It was a cold raining night in the ER. I had just worked two back to back shifts at the trauma center and was entering into a third. On top of an exhaustive day, it was full moon. Now before you say anything, nights at the hospital in which the moon was also full, were simply crazy. Not long into the early morning hours the paramedics brought us a person who thought they were Jesus. Shackled to their stretcher, with a police escort the person went on to tell our whole team how they died for our sins, conquered death through resurrection and am now residing in Columbia, South Carolina. It couldn’t be true, are you kidding, Jesus would never live in South Carolina! Anyway, while working on our lively entertainment for the night, one of our residents made a statement, “I believe this patient is only using 10 percent of their brain.” A classic myth, yet even in a hospital setting many believed that most of humanity only uses a small portion of their brain, while the rest simply sits going untapped. The truth is each human uses 100% of their brain all the time. In a 2008 study done at Johns Hopkins School of Medicine, neurologist Barry Gordon states, “Our research through functional imaging demonstrated that all our participants use 100% of their brain, yet very few ever take the time to develop their mind and thought processes, pushing them into new realms of processing and capability.”
This past week while reading The Sandal Of The Evangelical Mind by Mark A. Noll I was struck by the concept that American Evangelicals, though known for their activism and virtues, are not exemplary for their thinking. In doing so, often leaning hard into pragmatic practices, allowing their minds to be numbed by velocity. This velocity of life, meeting needs and even giving into ministry demands has caused a truncation in the development of the evangelical made. A great potential has been forfeited or even lost. While reading and processing Noll’s work on the “Evangelical Mind”, the following concepts emerged in how evangelicals often fall into the 10% brain myth.
3 Keys for Moving Deeper
Fear of the unknown… Most humans find comfort in that which is known. Certainly in all cases there exists some pioneers, but most enjoy safety, routine and even the warmth well worn slippers. In a similar way, pushing the envelope on studying different cultures, ideas, philosophies and even theologies can leave a person unsettled. Unsettled from the norm, and often facing the reality that what they have known and practiced for most of their life, may be inconsistent or wrong. Sometimes fear keeps the evangelical mind from experiencing its full potential.
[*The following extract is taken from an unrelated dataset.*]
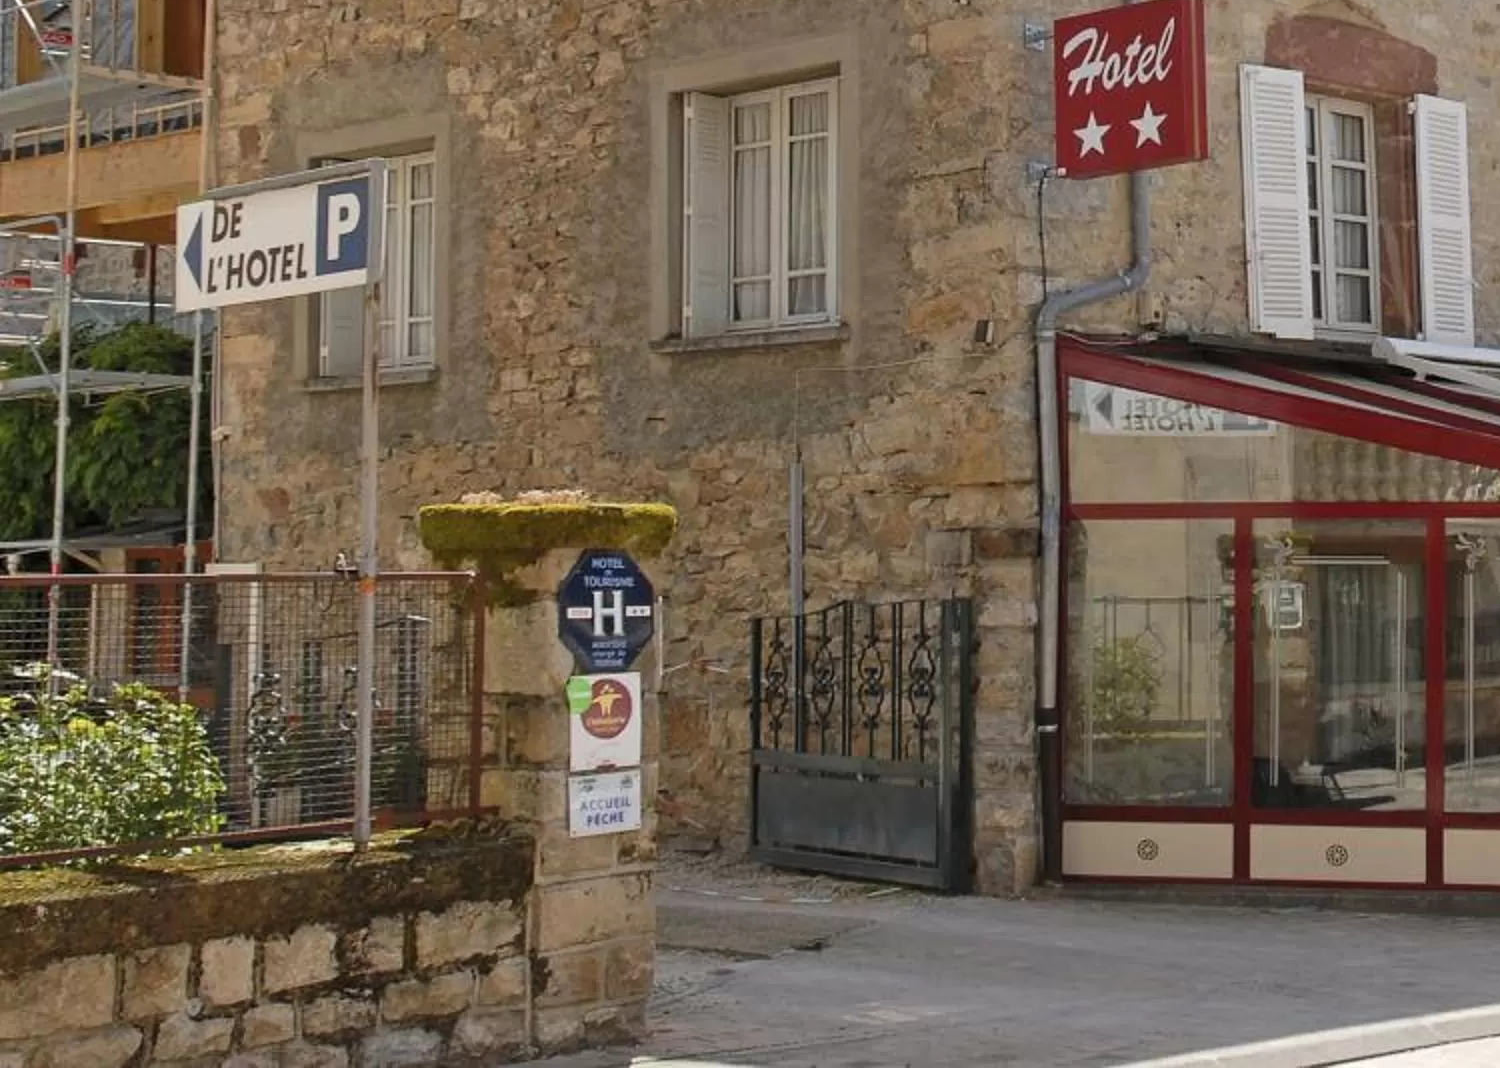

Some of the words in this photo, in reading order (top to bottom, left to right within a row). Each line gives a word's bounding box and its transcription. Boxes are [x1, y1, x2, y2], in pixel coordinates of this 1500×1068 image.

The unhealthy thinker… We’ve all known “that Guy”! You know, the one who has to show everyone how much he knows. After having grown up and experienced American Evangelicalism for the past 41 years, I witnessed a form of intellectual relational abuse. Those who had intellect often used it to tear down rather than build up. The effects of the unhealthy thinker and their subsequent use of that knowledge, gave many in American Evangelical circles an unhealthy picture of the thinker. Subsequently, many avoided this pursuit all together.
I’m not capable… I’ve heard students say it for years, “I’m not as smart as…” And though at some level this may be true, we as humans can often compare for the purpose of giving ourselves permission to stay where we are comfortable. I have a good friend who seven years ago experienced a massive stroke. After all was said and done, he lost his ability to walk, speak and perform basic functions of life. Over the next year and half after the stroke, I watched him begin to walk, learn to speak and eventually return to the classroom as a Professor. All of our minds are capable of almost anytime if we take the time to develop them.
That evening at the hospital, we all had a good laugh, myths were debunked, Jesus was scanned and our first year resident had his mind expanded. Maybe our minds need expanded as well?